Sucede que, según Roberts, esa masa de nuevo dinero originada en la emisión, los subsidios y los rescates estatales no va a parar al gasto o la inversión (es decir, no circula) sino que se destina a “pagar deudas o al atesoramiento de compañías” (la recompra de acciones es sólo una variante de esto). Eso es lo que explica que Japón, con una deuda estatal de las mayores del mundo, del 250% del PBI, en buena medida originada en emisión, no sólo no tiene inflación sino que bordea la deflación.

Esta tendencia, para Roberts, “coincide con el descenso de la tasa de ganancia del capital y de la inflación.
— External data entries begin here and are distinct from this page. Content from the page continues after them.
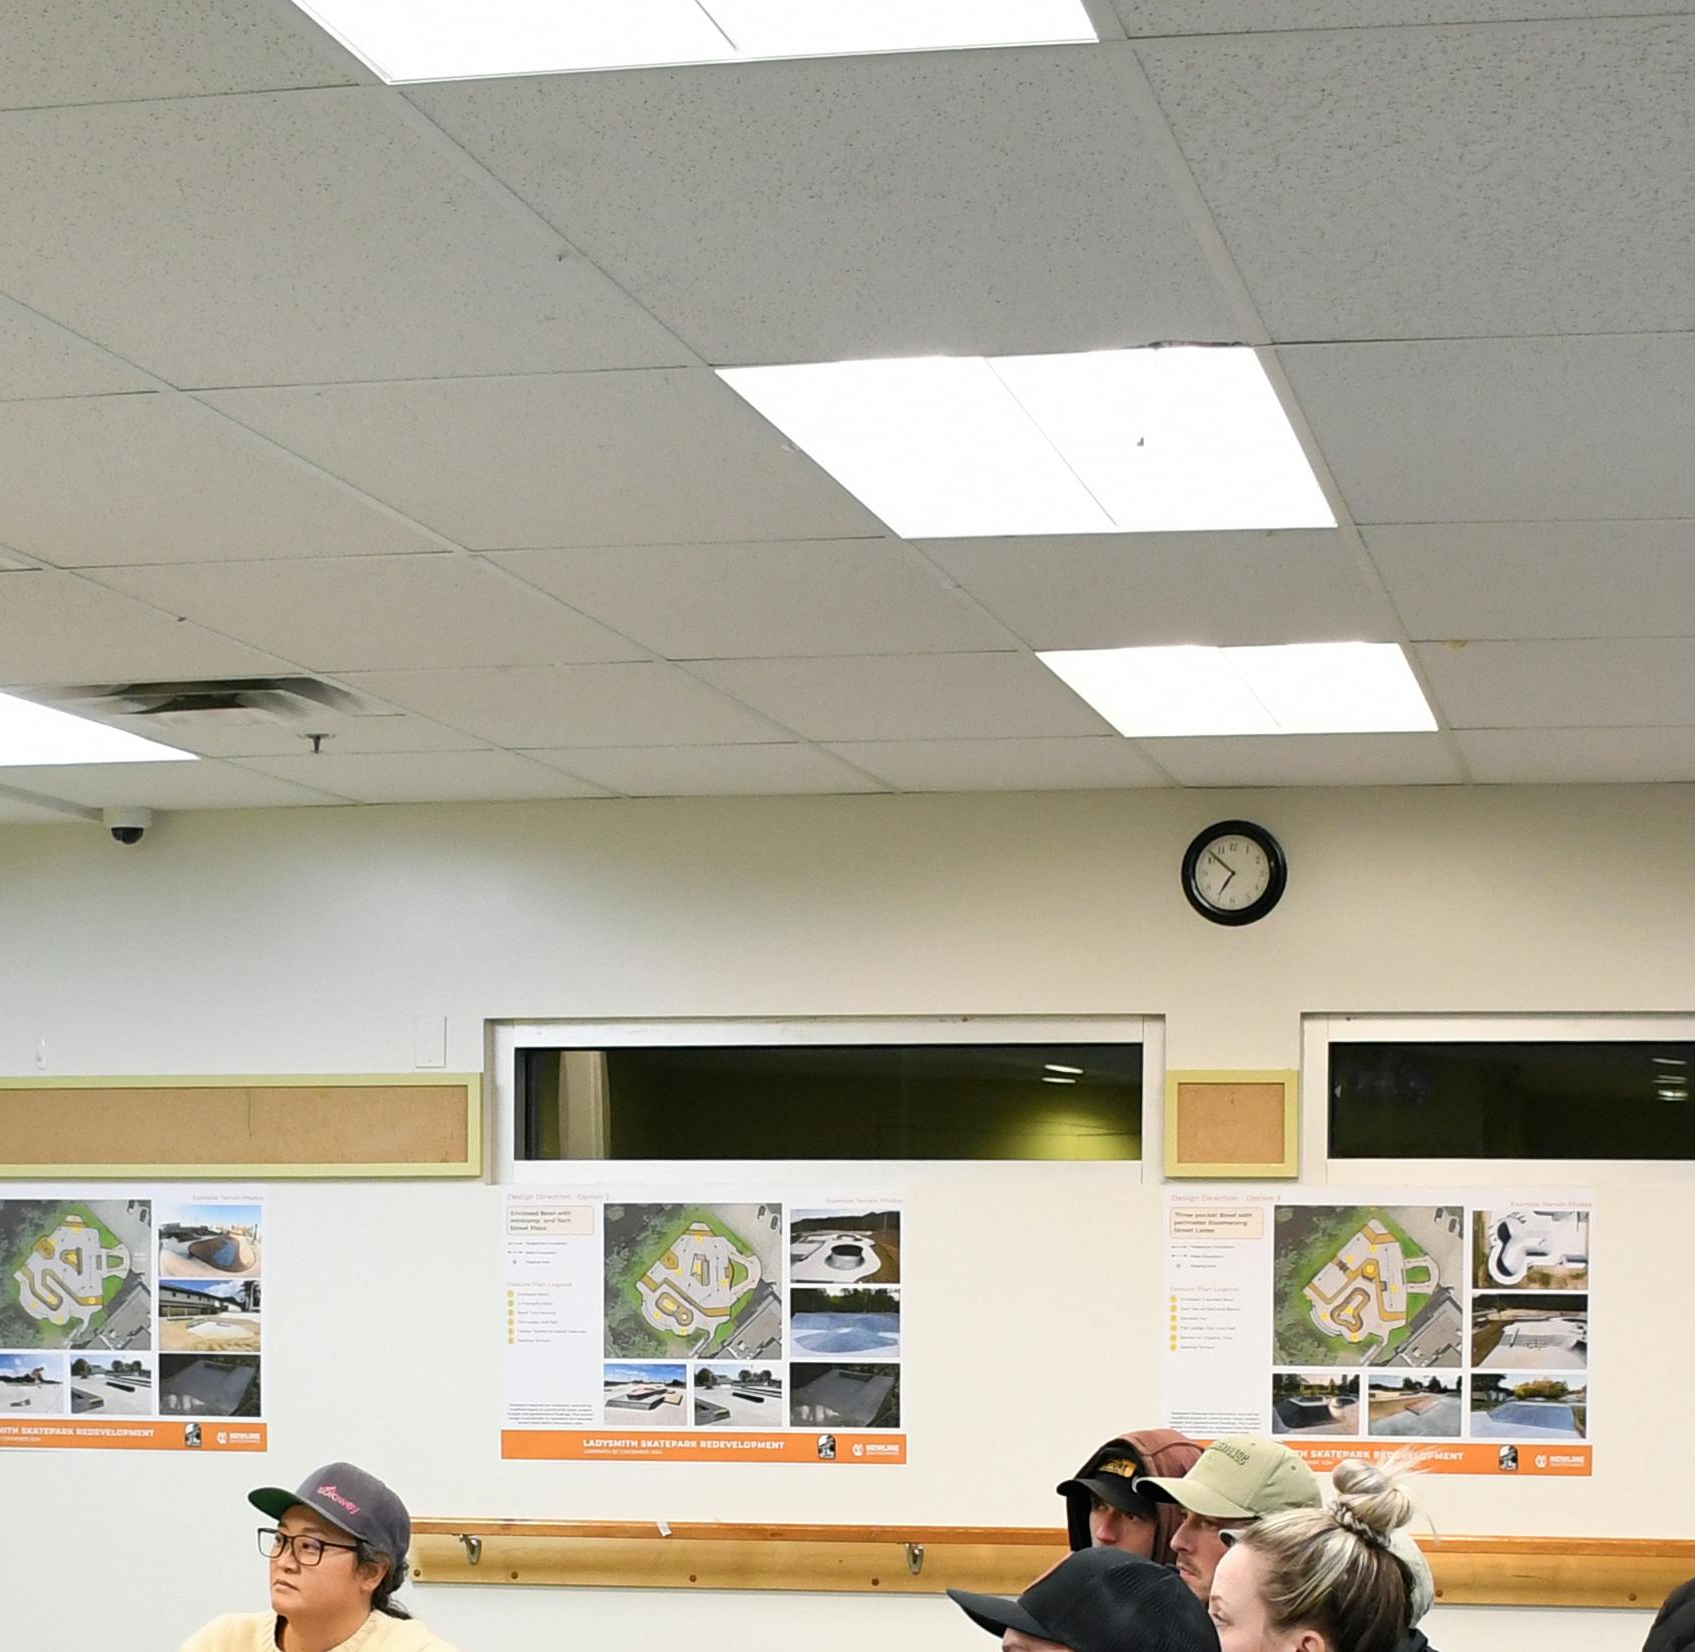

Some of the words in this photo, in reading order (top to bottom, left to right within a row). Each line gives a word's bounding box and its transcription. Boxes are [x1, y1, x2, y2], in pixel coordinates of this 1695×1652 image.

[21, 1427, 74, 1436] SKATEPARK
[76, 1428, 154, 1437] REDEVELOPMENT
[583, 1439, 638, 1448] LADYSMITH
[641, 1440, 696, 1449] SKATEPARK
[700, 1441, 785, 1450] REDEVELOPMENT
[1310, 1450, 1370, 1459] SKATEPARK
Como la rentabilidad de las inversiones productivas cae, la inversion se ralentiza. Las empresas prefieren invertir en activos financieros (capital ficticio) o atesorar capital (las compañías grandes). Así, la tasa de interés y la inflación cae, mientras los mercados financieros se disparan. Eso es lo que está ocurriendo ahora: la inflación es inexistente porque no se crea nuevo valor”. Es una explicación del fenómeno mucho más plausible que los dogmas liberales o el “dinero desde el helicóptero” de los neokeynesianos.

Ahora bien, todo esto venía desde el contexto previo a la pandemia, que puede cambiar todo el escenario. El aumento obligado del gasto público incrementa el gasto improductivo a la vez que deja al Estado como el gran tomador de deuda, dejando sin crédito disponible al sector privado. Concluye Roberts que “el año que viene, el peso de la deuda pública y privada va a ser una carga para la recuperación económica, mientras que la inflación va a subir, poniendo presión ascendente a la tasa de interés. Es una receta para una ola de quiebras y una crisis financiera en un marco de economías en estanflación, similar al de los años 70”.

En síntesis: la pandemia puso en la primera línea a la intervención del Estado capitalista, en parte rindiendo tributo a ciertas relaciones de fuerza que no daban para el sálvese quien pueda neoliberal. Esa intervención ocurre en el marco de una economía mundial caracterizada por el bajo crecimiento y el endeudamiento general, tendencias que la pandemia y las cuarentenas reforzarán durante todo este año como mínimo. La gran incógnita es: ¿cuándo y en qué condiciones se saldrá de la economía “pandemizada”, y qué reservas tiene el orden capitalista global y sus estados nacionales para enfrentar los problemas de arrastre y los nuevos? Parte esencial de la respuesta, en realidad, estará en las luchas de la clase trabajadora y de todos los sectores oprimidos para bloquear toda “salida” que sea más explotación y miseria al servicio del capital. Y no sólo como estrategia de defensa, sino como una oportunidad, quizá por primera vez en mucho tiempo, de pasar a la ofensiva.


[1] Ver al respecto nuestro texto sobre economía mundial en revista SoB 32/33, cuyas conclusiones a nuestro juicio se mantienen pese al tiempo transcurrido.

[2] En octubre pasado, The Economist publicó un informe especial dando cuenta de los términos del debate sobre este tema en el campo de la teoría económica, esencialmente en los países desarrollados. El título del informe: “¿El fin de la inflación?” (Henry Curr, The Economist, 12-10-19).